THE PHYSICAL AND PSYCHOPHYSICAL BASIS OF SOUND LOCALIZATION

Traditionally, the principal cues to a sound’s location are identified as the differences between the sound field at each ear. The obvious fact that we have two ears sampling the sound field under slightly different conditions makes these binaural cues self-evident. A slightly more subtle concept underlying traditional thinking is that the differences between the ears are analyzed on a frequency by frequency basis. This idea has as its basis the notion that the inner ear encodes the sounds in terms of its spectral characteristics as opposed to its time domain characteristics. As a result, complex spectra are thought to be encoded within the nervous system as varying levels of activity across a wide range of auditory channels; each channel corresponding to a different segment of the frequency range.

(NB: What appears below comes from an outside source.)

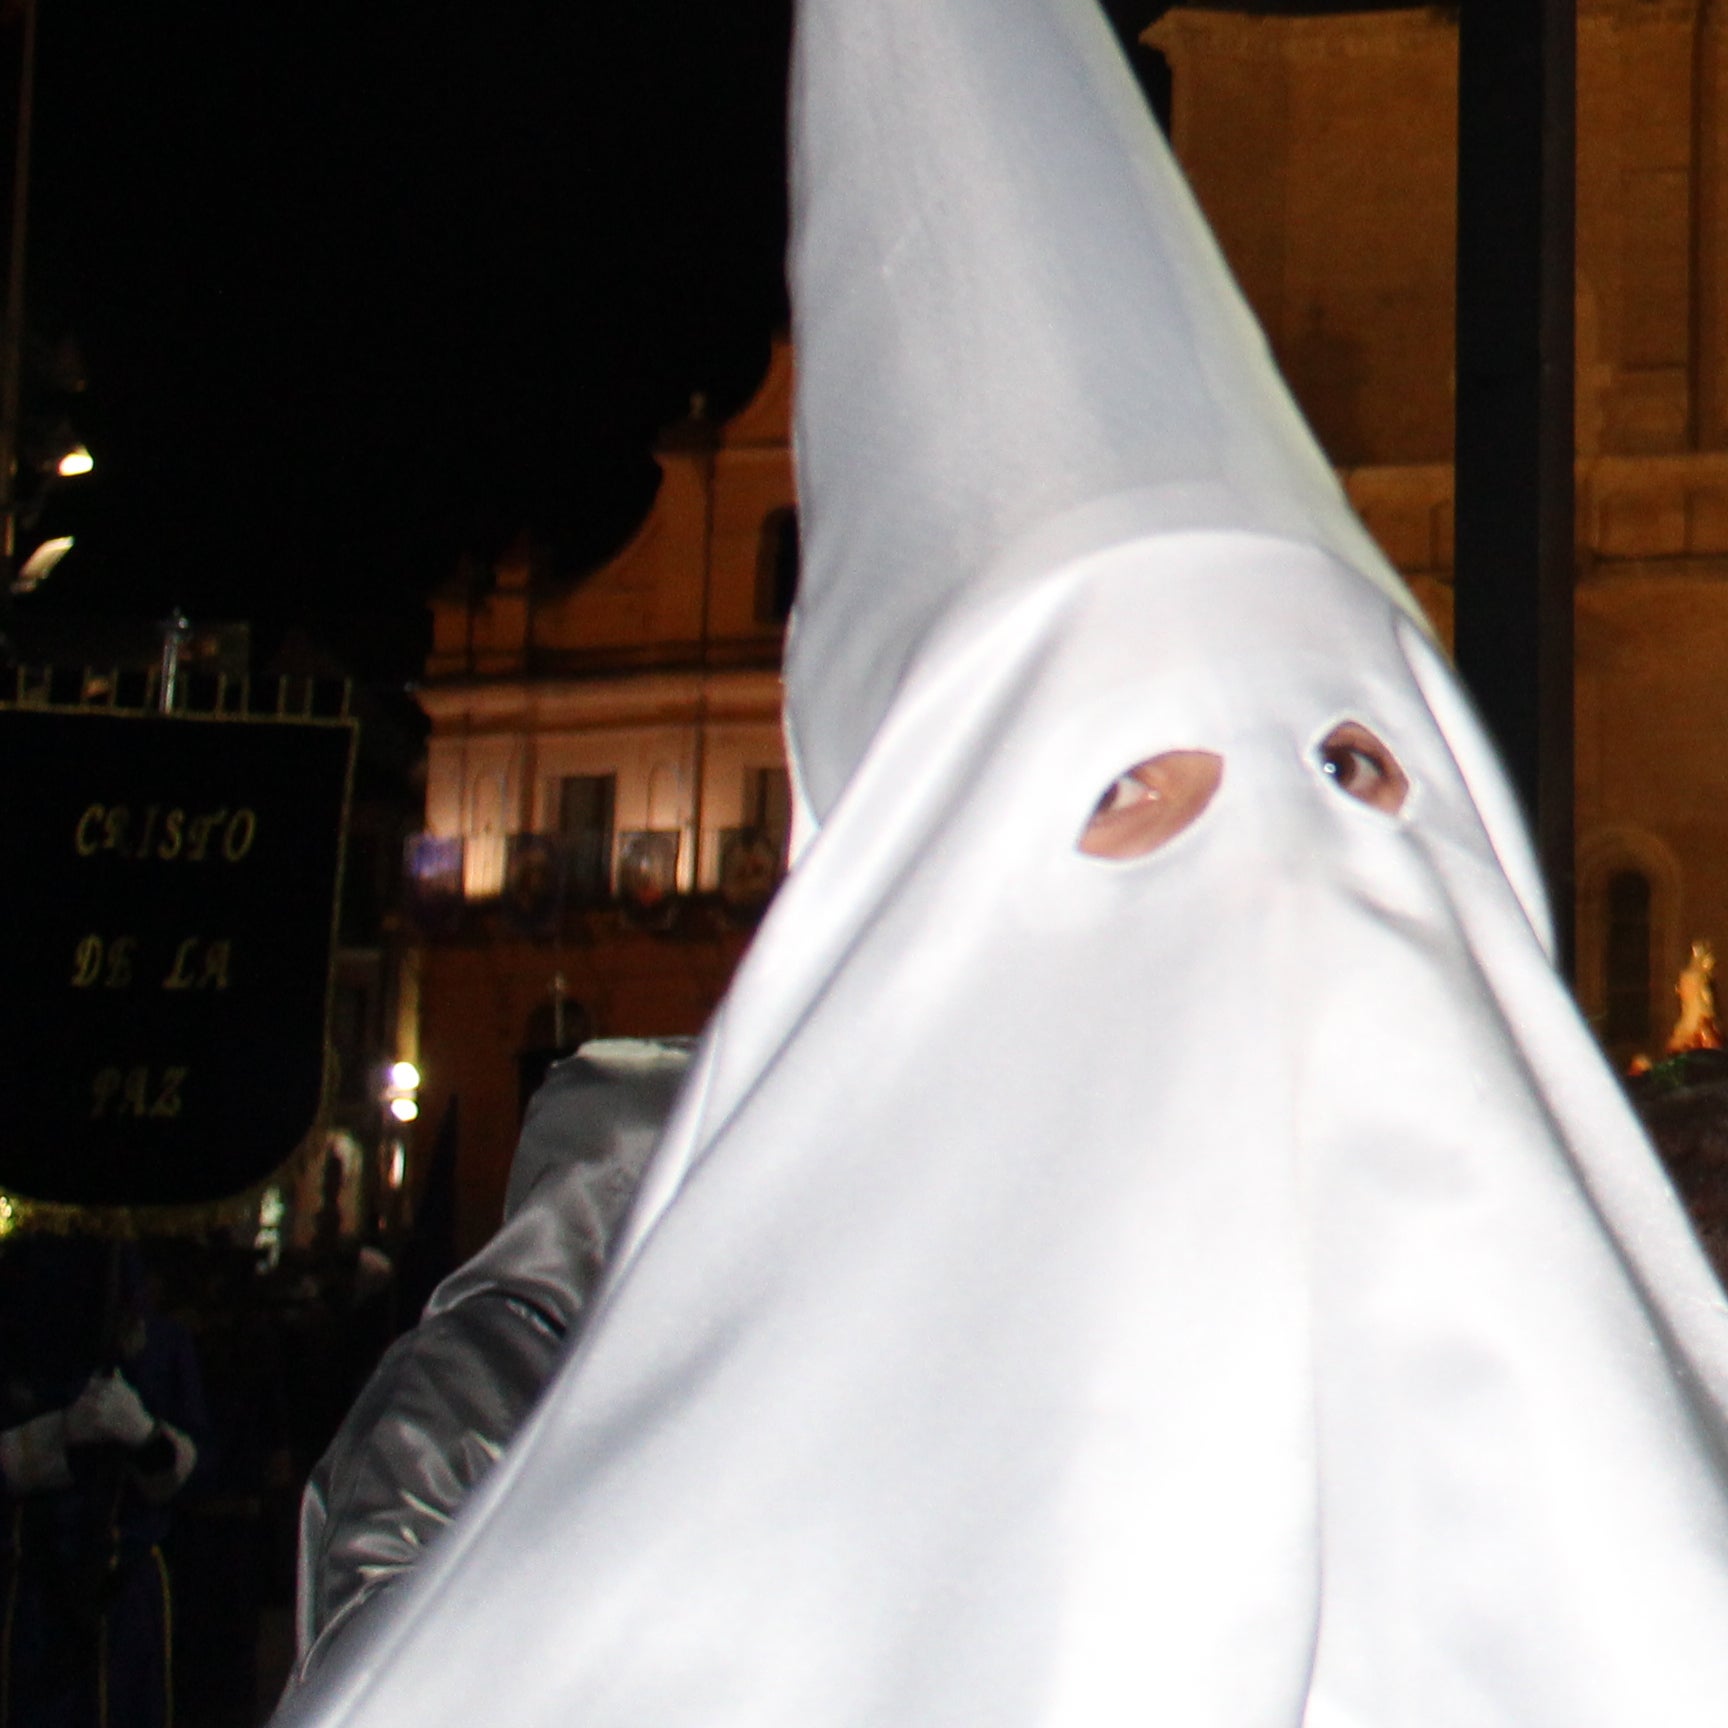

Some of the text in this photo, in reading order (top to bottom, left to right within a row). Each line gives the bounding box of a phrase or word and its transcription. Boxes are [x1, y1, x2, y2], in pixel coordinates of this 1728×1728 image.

[74, 801, 257, 863] CRISTO
[68, 932, 232, 990] DE LA
[88, 1064, 191, 1120] PAZ

While there is much merit and an enormous amount of data supporting these ideas, they have tended to dominate research efforts to the exclusion of a number of other important features of processing. In contrast to these traditional views, there is a growing body of evidence that: (i) illustrates the important role of information available at each ear alone (monaural cues to sound location); (ii) suggests that processing across frequency is an important feature of those mechanisms analyzing cues to sound location (monaural and binaural spectral cues); (iii) suggests that the time (rather than frequency) domain characteristics of the sound may also play an important role in sound localization processing.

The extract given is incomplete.